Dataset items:
[Start of Attachment]
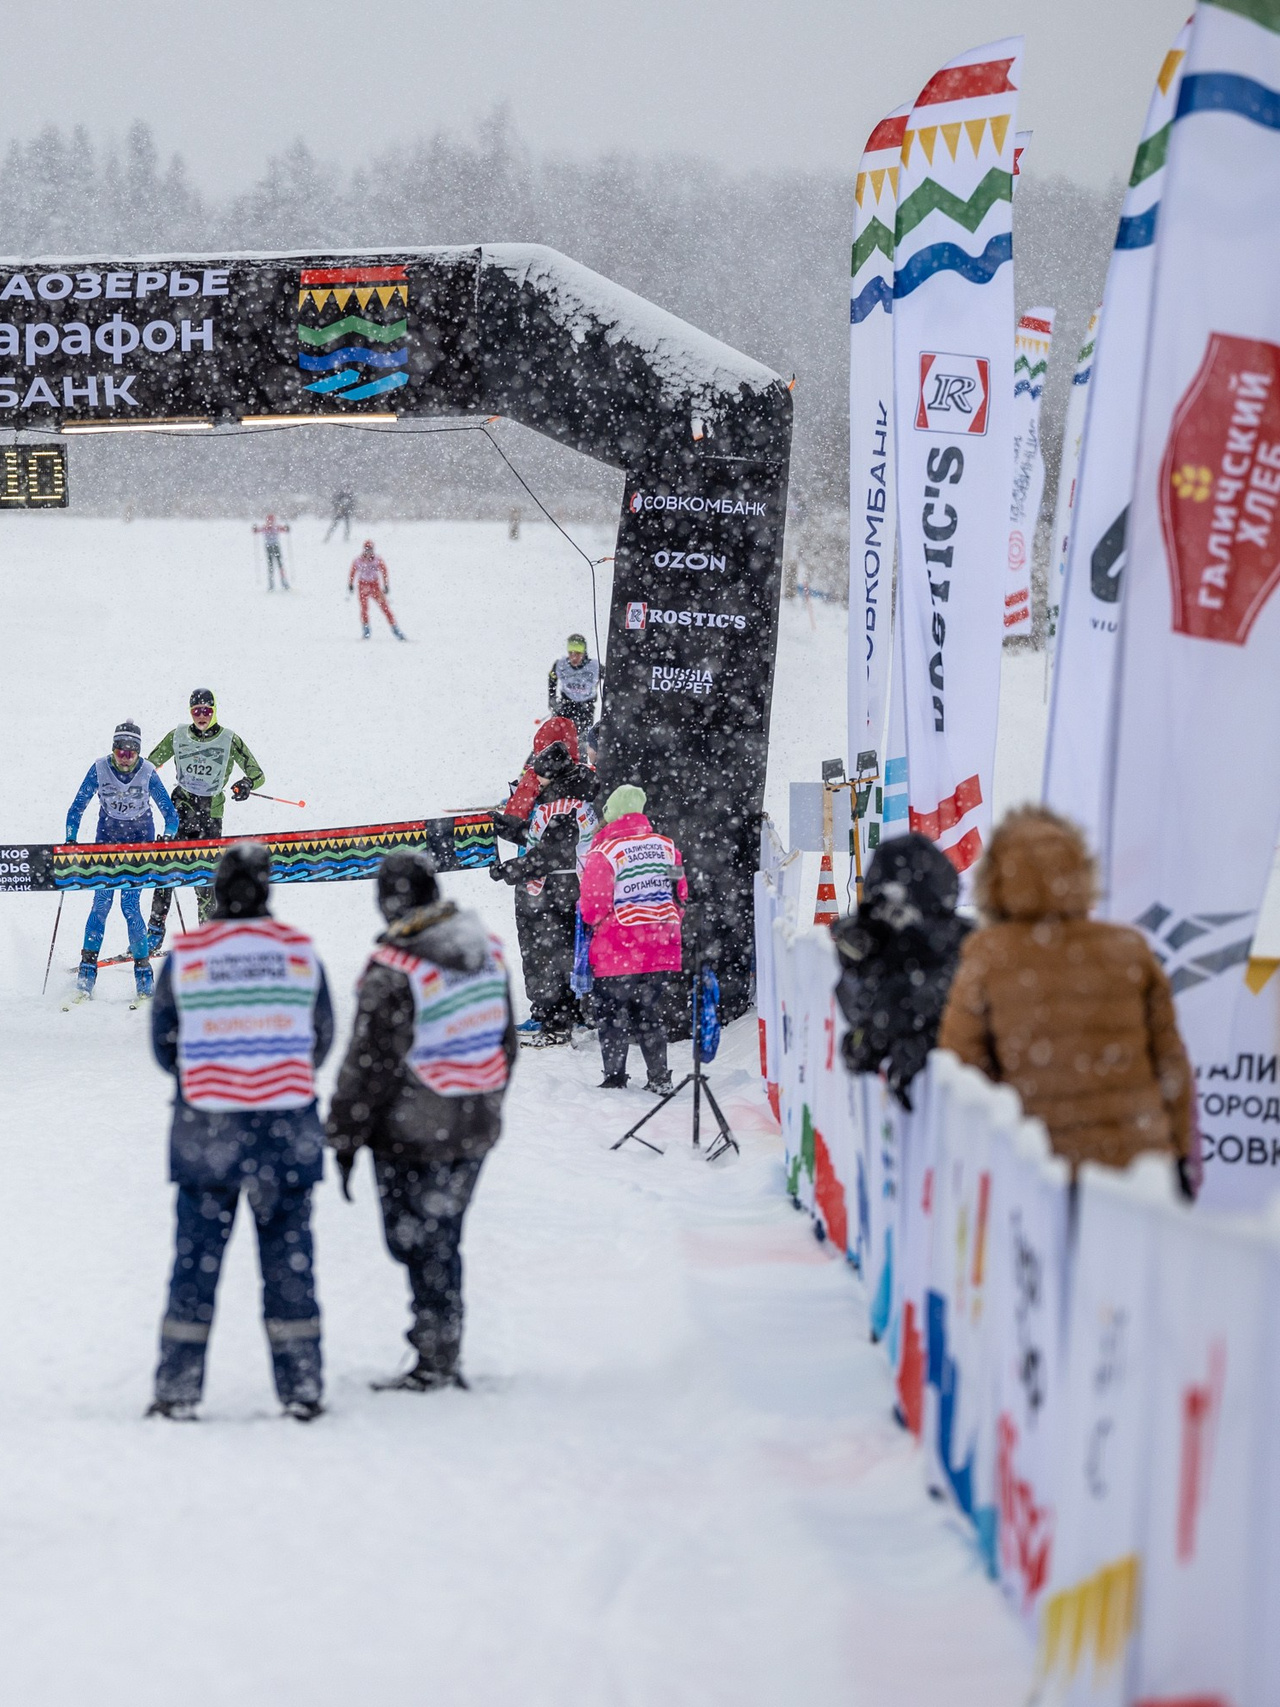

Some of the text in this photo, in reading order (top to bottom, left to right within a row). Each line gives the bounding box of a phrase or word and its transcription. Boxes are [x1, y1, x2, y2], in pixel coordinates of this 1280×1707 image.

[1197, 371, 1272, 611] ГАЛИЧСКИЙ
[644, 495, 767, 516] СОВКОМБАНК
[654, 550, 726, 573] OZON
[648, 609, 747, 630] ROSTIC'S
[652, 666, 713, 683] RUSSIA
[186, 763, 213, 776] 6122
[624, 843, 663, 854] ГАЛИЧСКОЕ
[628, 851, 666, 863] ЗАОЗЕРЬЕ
[End of Attachment]
**Task item**
Without the pictures, return the entries exactly as they appear.

**Solution to this problem**
Some of the text in this photo, in reading order (top to bottom, left to right within a row). Each line gives the bounding box of a phrase or word and its transcription. Boxes are [x1, y1, x2, y2], in pixel coordinates of this 1280×1707 image.

[1197, 371, 1272, 611] ГАЛИЧСКИЙ
[644, 495, 767, 516] СОВКОМБАНК
[654, 550, 726, 573] OZON
[648, 609, 747, 630] ROSTIC'S
[652, 666, 713, 683] RUSSIA
[186, 763, 213, 776] 6122
[624, 843, 663, 854] ГАЛИЧСКОЕ
[628, 851, 666, 863] ЗАОЗЕРЬЕ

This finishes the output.